Word for word, copy out the entries below, but not the pictures in them.

Data records ->
* * * * *

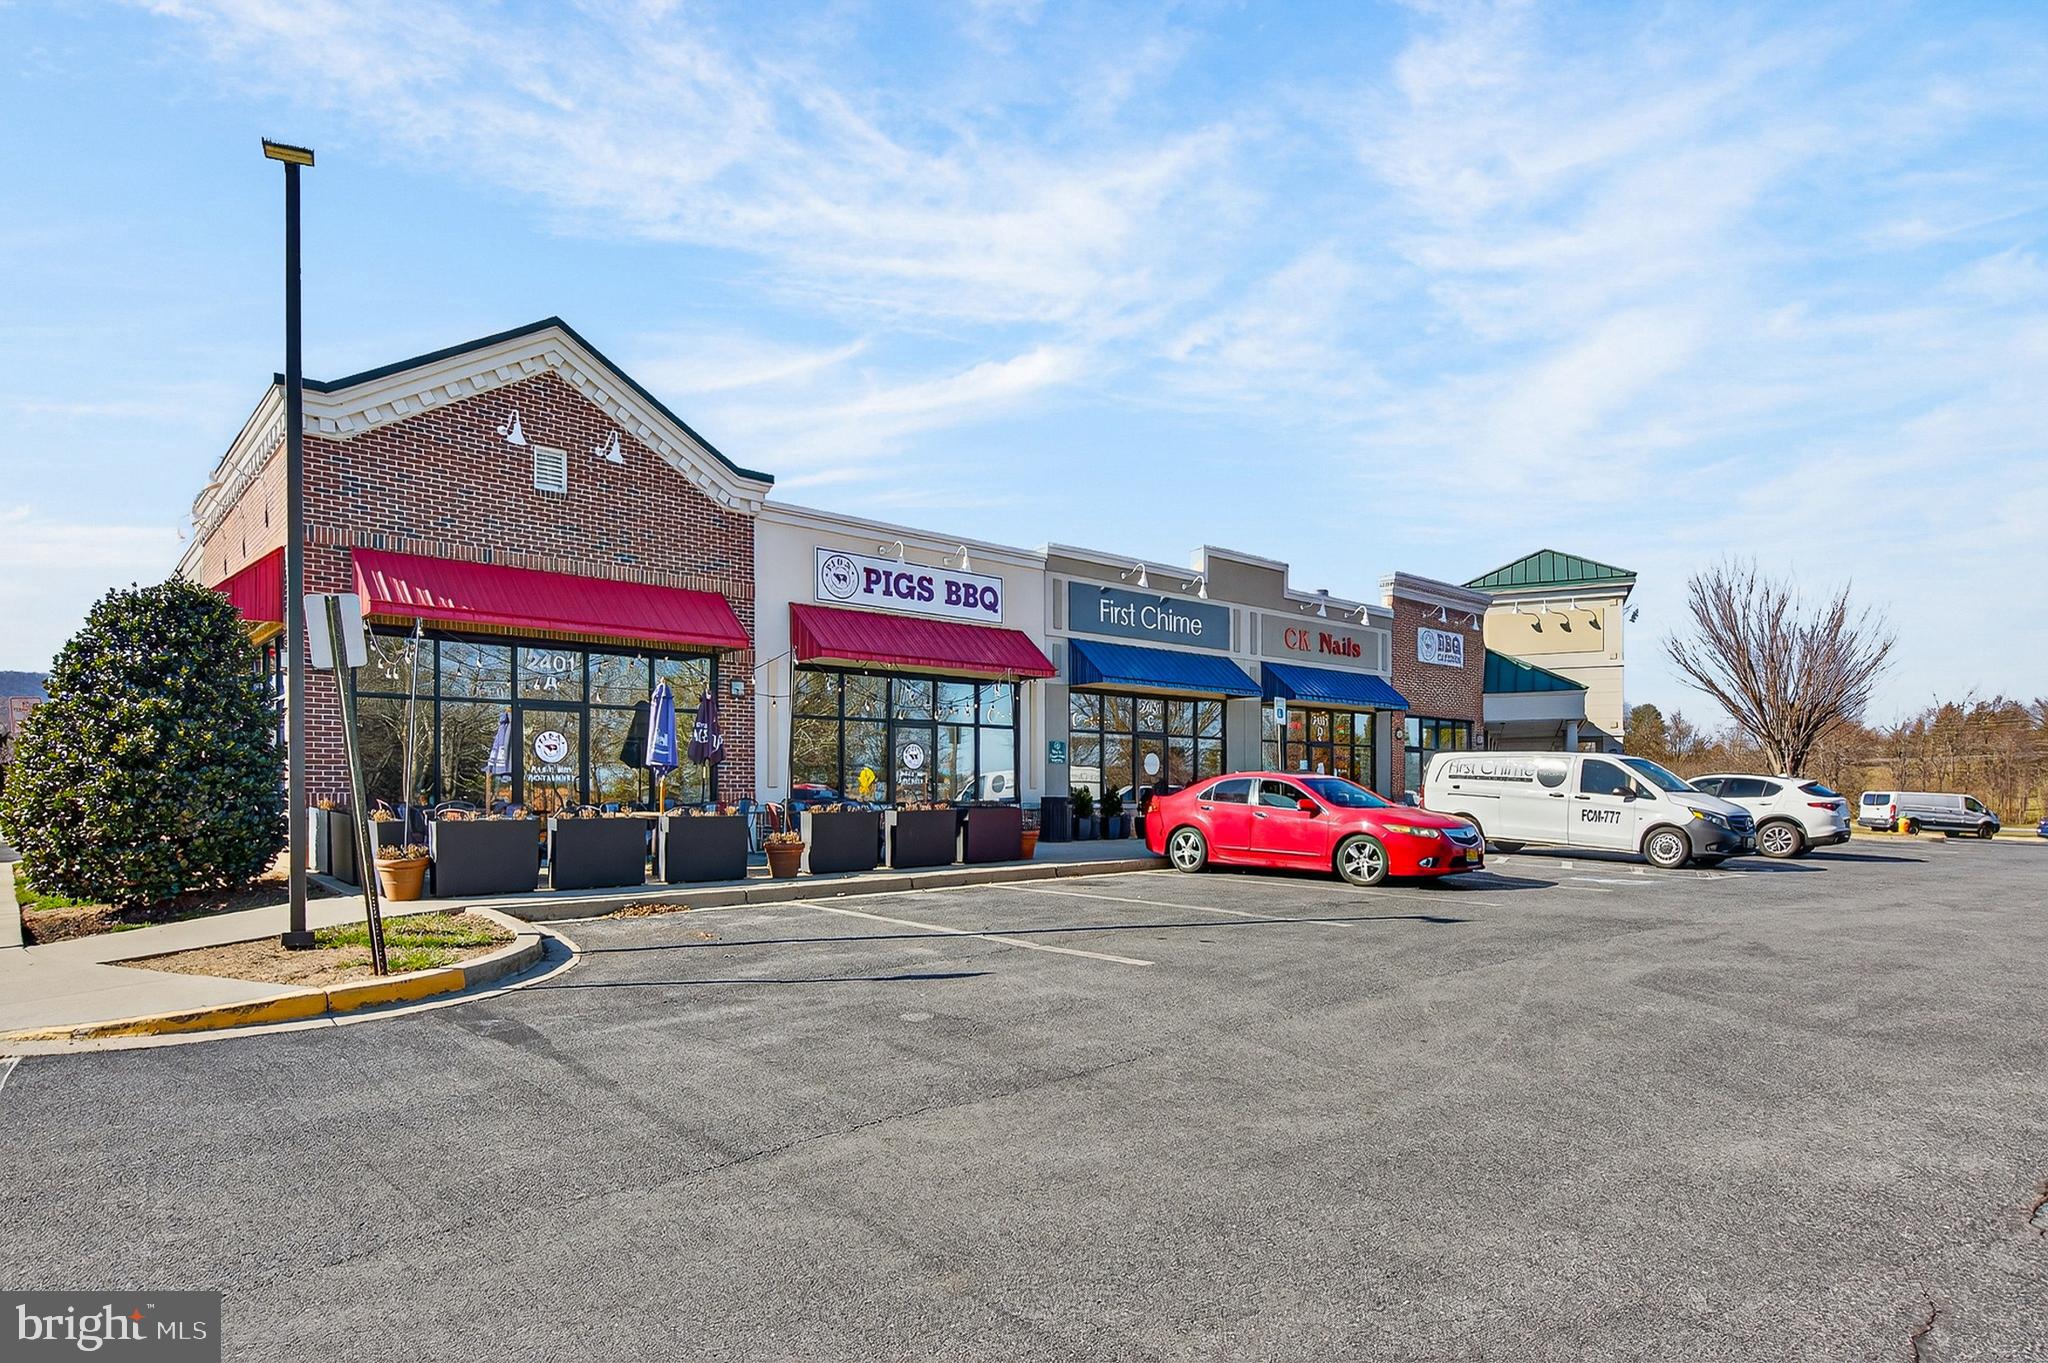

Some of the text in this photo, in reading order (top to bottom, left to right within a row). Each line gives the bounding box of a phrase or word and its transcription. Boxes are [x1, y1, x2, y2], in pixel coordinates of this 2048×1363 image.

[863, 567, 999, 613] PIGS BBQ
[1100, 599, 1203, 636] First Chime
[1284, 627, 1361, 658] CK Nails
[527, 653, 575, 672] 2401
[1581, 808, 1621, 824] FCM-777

* * * * *

OUTPUT FOR THIS EXERCISE ->
Some of the text in this photo, in reading order (top to bottom, left to right within a row). Each line gives the bounding box of a phrase or word and its transcription. Boxes are [x1, y1, x2, y2], in pixel coordinates of this 2048×1363 image.

[863, 567, 999, 613] PIGS BBQ
[1100, 599, 1203, 636] First Chime
[1284, 627, 1361, 658] CK Nails
[527, 653, 575, 672] 2401
[1581, 808, 1621, 824] FCM-777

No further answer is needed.